In Part 1, we explored Apple's last nine years in the Greater China revenue geography to check the financials against prevailing narratives. Here, I complete my argument that Apple has continued to maintain a vibrant, even thriving Greater China business throughout (despite!) the near-two-year revenue downturn, with the help of two related metrics. One metric that's trickier to figure out. Another that's both certain and remarkably steady, particularly when you consider the revenue context.
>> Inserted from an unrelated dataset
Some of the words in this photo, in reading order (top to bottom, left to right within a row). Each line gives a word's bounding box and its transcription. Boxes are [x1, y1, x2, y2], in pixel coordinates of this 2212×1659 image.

[Part 1 of the series is here.]

I. How Are Two Unquestionable Greater China Down Years Somehow Of No Real Concern? Because They Really Only Prove Dormancy in Proper Context.

I know what some of you are thinking. "Let's see you try to make an argument that sounds way too nuanced for its own good."
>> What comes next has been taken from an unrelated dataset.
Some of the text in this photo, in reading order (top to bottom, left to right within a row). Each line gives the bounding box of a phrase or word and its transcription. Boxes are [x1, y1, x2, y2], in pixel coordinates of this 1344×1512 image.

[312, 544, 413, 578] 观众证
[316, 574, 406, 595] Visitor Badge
No one ever said I made things easy on myself! 😁

As I mentioned in Part 1 of this mini-series, when you look at the revenue trends - and even "completely forget" about the macro headwinds or any number of potential external factors from "allegedly boring iPhone 6s and 7 updates" to "the inevitable loss of massive market share to the competition" - you see an incredible anomaly that demands your attention.
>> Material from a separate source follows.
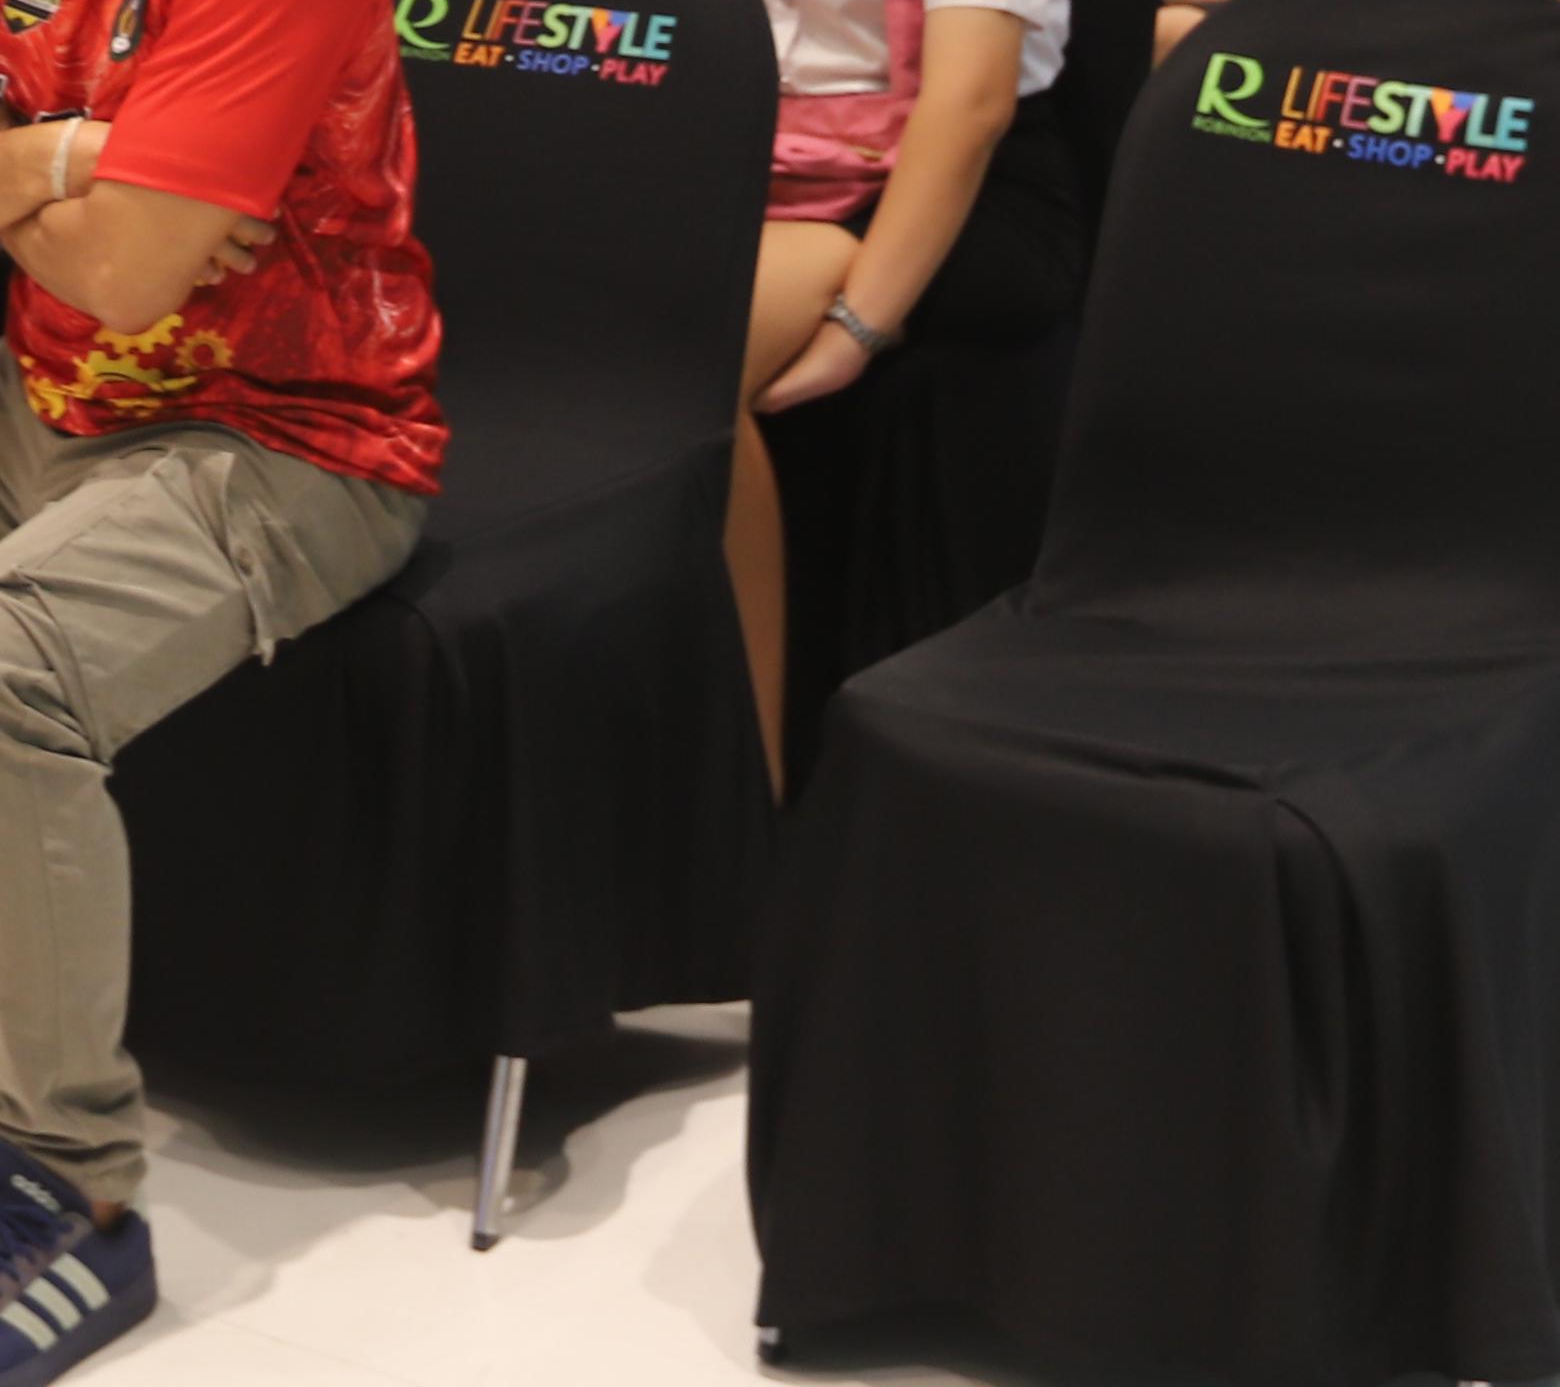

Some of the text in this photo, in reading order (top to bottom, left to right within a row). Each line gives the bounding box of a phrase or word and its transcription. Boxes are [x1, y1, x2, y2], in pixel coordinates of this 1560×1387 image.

[453, 42, 671, 87] EAT SHOP PLAY
[1195, 52, 1535, 152] R LIFESTYLE
[1274, 120, 1527, 183] EAT SHOP PLAY
The perfect storm of China Mobile carrying iPhone (6 and 6 Plus) for the first time, added to already high enthusiasm for the "big-screen" iPhone from mainland China and Hong Kong in general, meant that Apple's Greater China results reached simultaneously unprecedented and unsustainable heights in a single bound.

To me, there are two possible ways to approach the revenue declines to the high and mid $40B range in FY 2016 and FY 2017:

(1) "iPhone was on some level a 'fad', and Apple's overall Greater China business is in real danger, as the revenue declines themselves demonstrate."

(2) "iPhone demand was indeed 'pulled forward', now we have to see about the overall health of Apple's Greater China business with the explosive one-time sales event outlier out of the picture."

I elected the second, more-objective-less-dismissive approach.

Unless you're a very dedicated bear, or looking at a different theory of Apple difficulty in Greater China not involving numbers, it's hard not to notice that even the FY 2017 revenue number, while about 24% lower than FY 2015 (not factoring in substantial currency volatility), was still around 41% higher than FY 2014. Basically, Apple's recent results in Greater China only look lousy because of FY 2015.

So, starting around 18 months ago, I began looking into the Greater China underlying financials in a little more detail. I was surprised then by what I found, and I remain (pleasantly surprised) now - because Apple has been able to hold the line on overall profitability in Greater China even though iPhone revenues are clearly not what they were in FY 2015.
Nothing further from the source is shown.